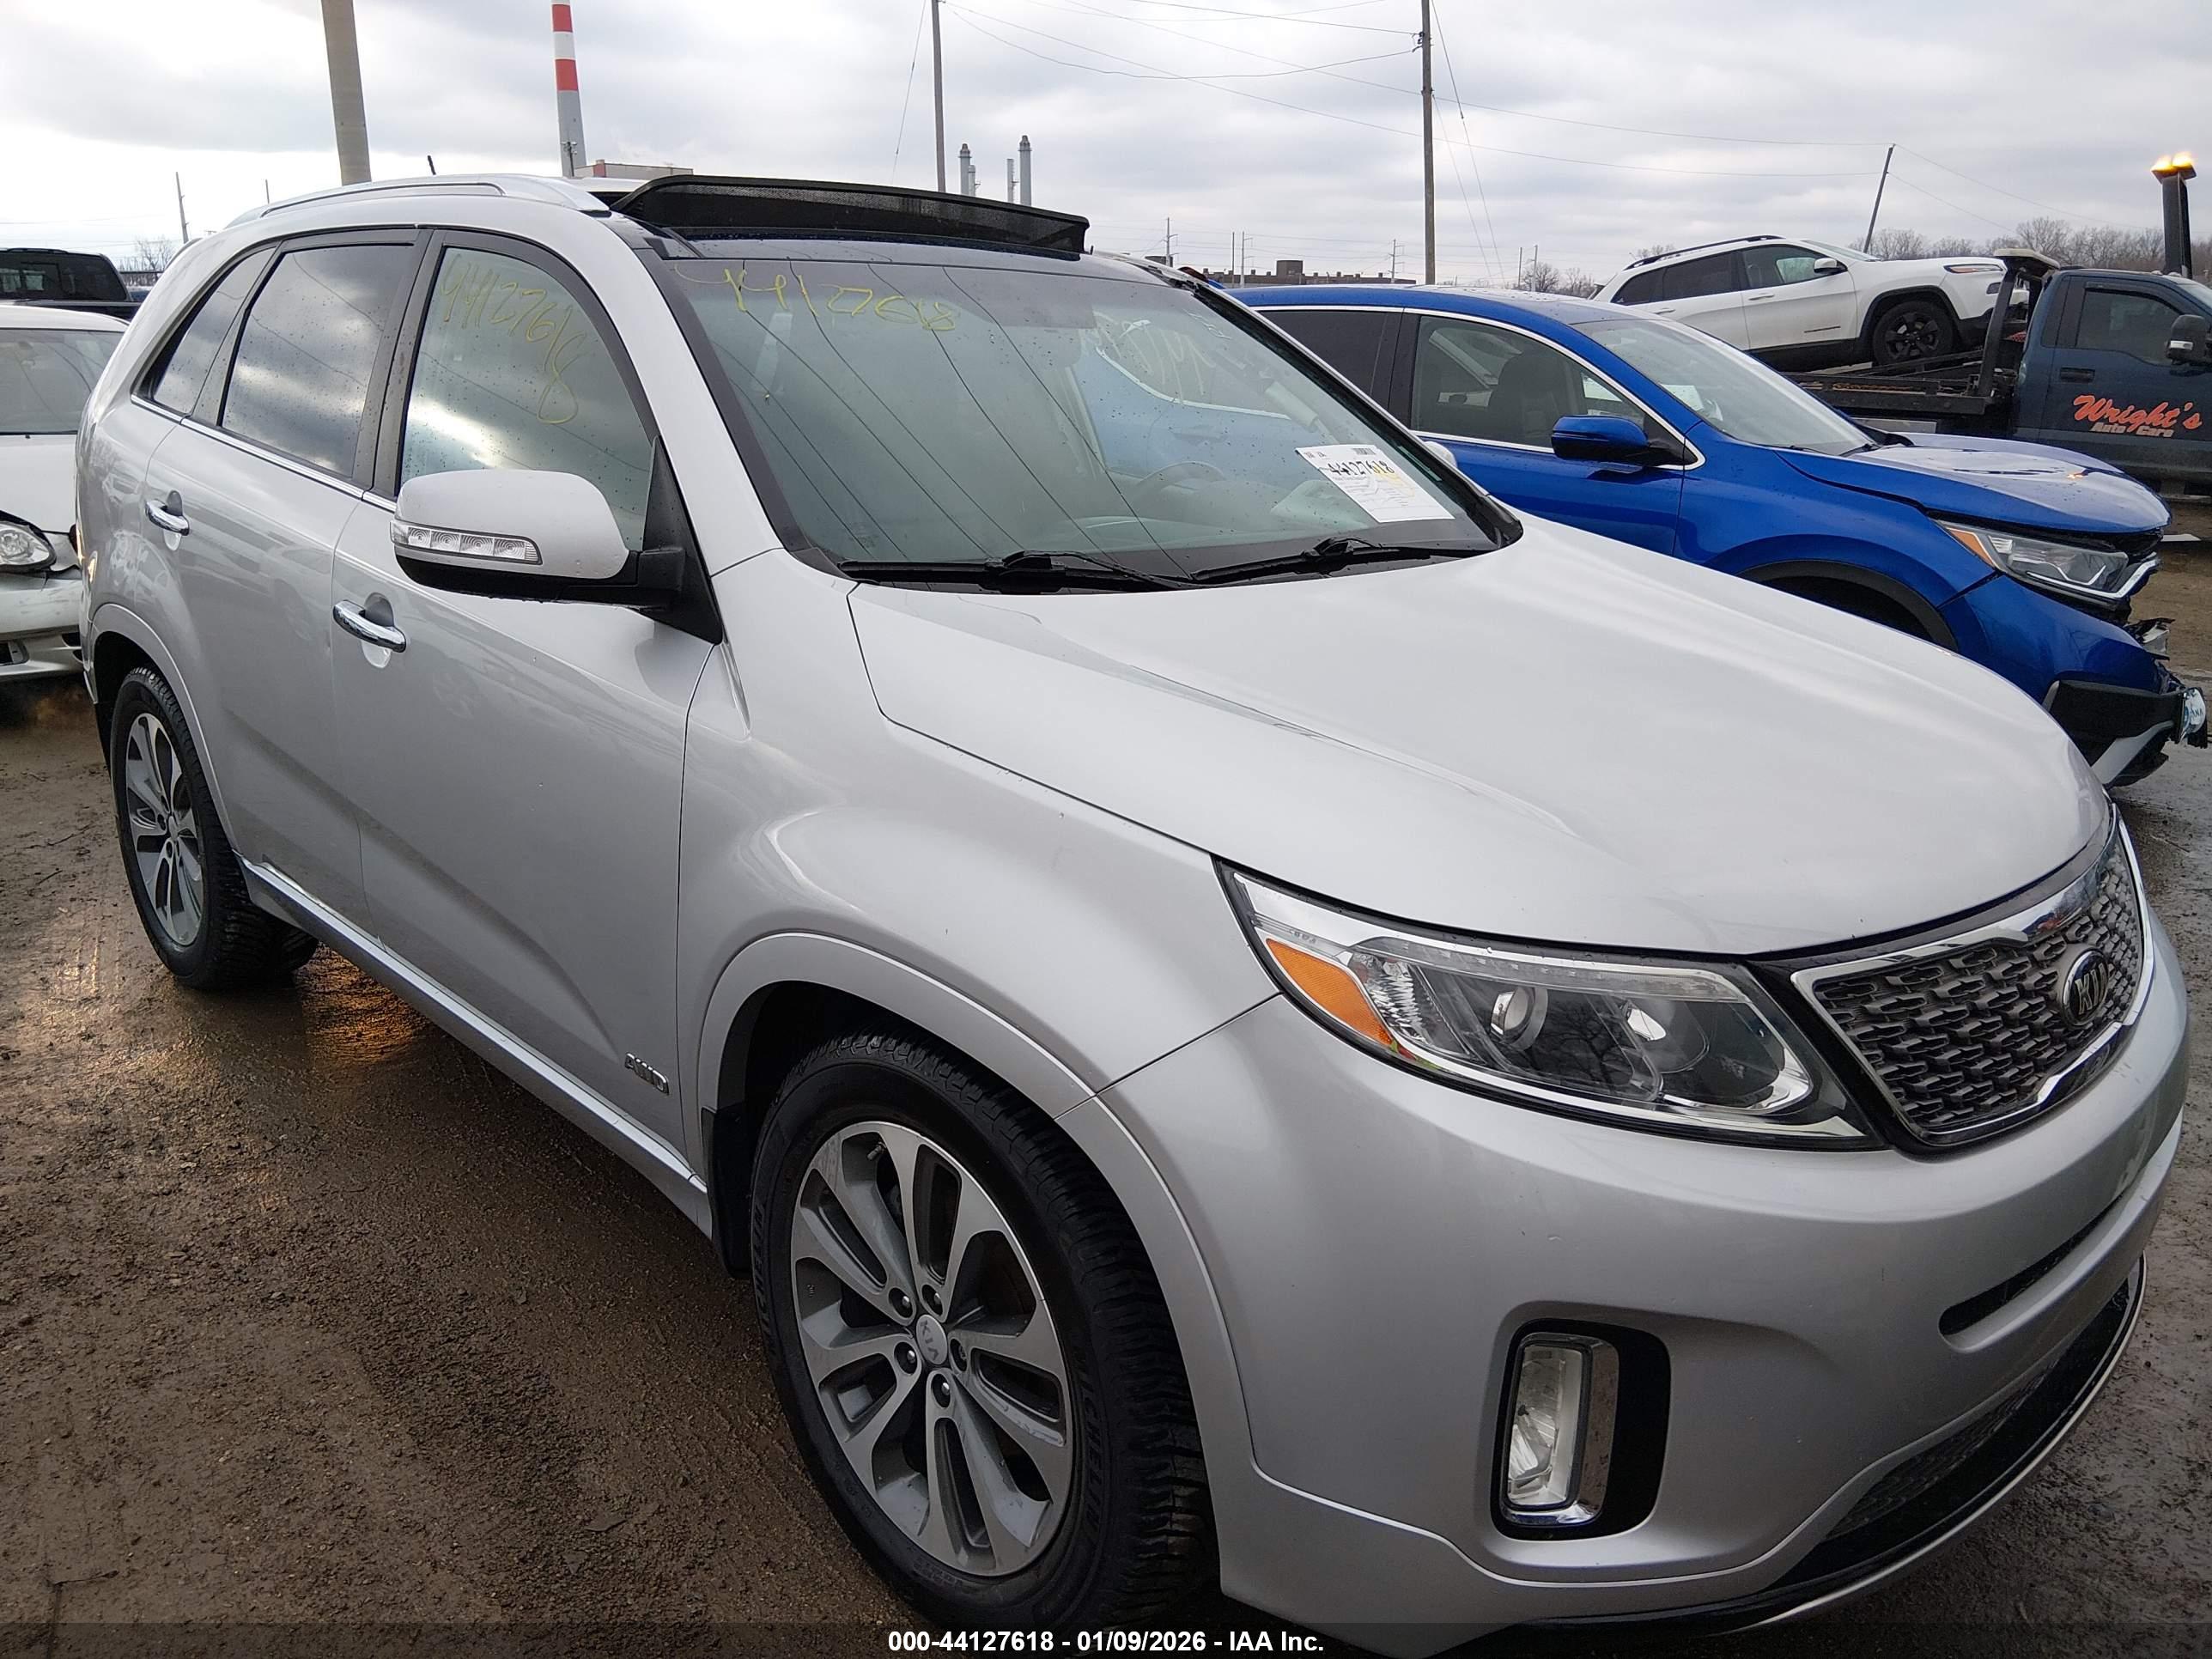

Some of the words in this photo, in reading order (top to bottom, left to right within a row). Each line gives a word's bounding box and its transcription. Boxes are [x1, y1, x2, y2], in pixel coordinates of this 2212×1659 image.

[2073, 394, 2203, 433] Wright's
[2091, 423, 2127, 434] Auto
[2136, 426, 2174, 437] Care
[1327, 459, 1395, 476] 44127618
[920, 1319, 939, 1361] KIA

TASK DESCRIPTION ▸ The answer must be the data above, repeated exactly, with no pictures.

SOLUTION FOR THIS PROBLEM ▸
Some of the words in this photo, in reading order (top to bottom, left to right within a row). Each line gives a word's bounding box and its transcription. Boxes are [x1, y1, x2, y2], in pixel coordinates of this 2212×1659 image.

[2073, 394, 2203, 433] Wright's
[2091, 423, 2127, 434] Auto
[2136, 426, 2174, 437] Care
[1327, 459, 1395, 476] 44127618
[920, 1319, 939, 1361] KIA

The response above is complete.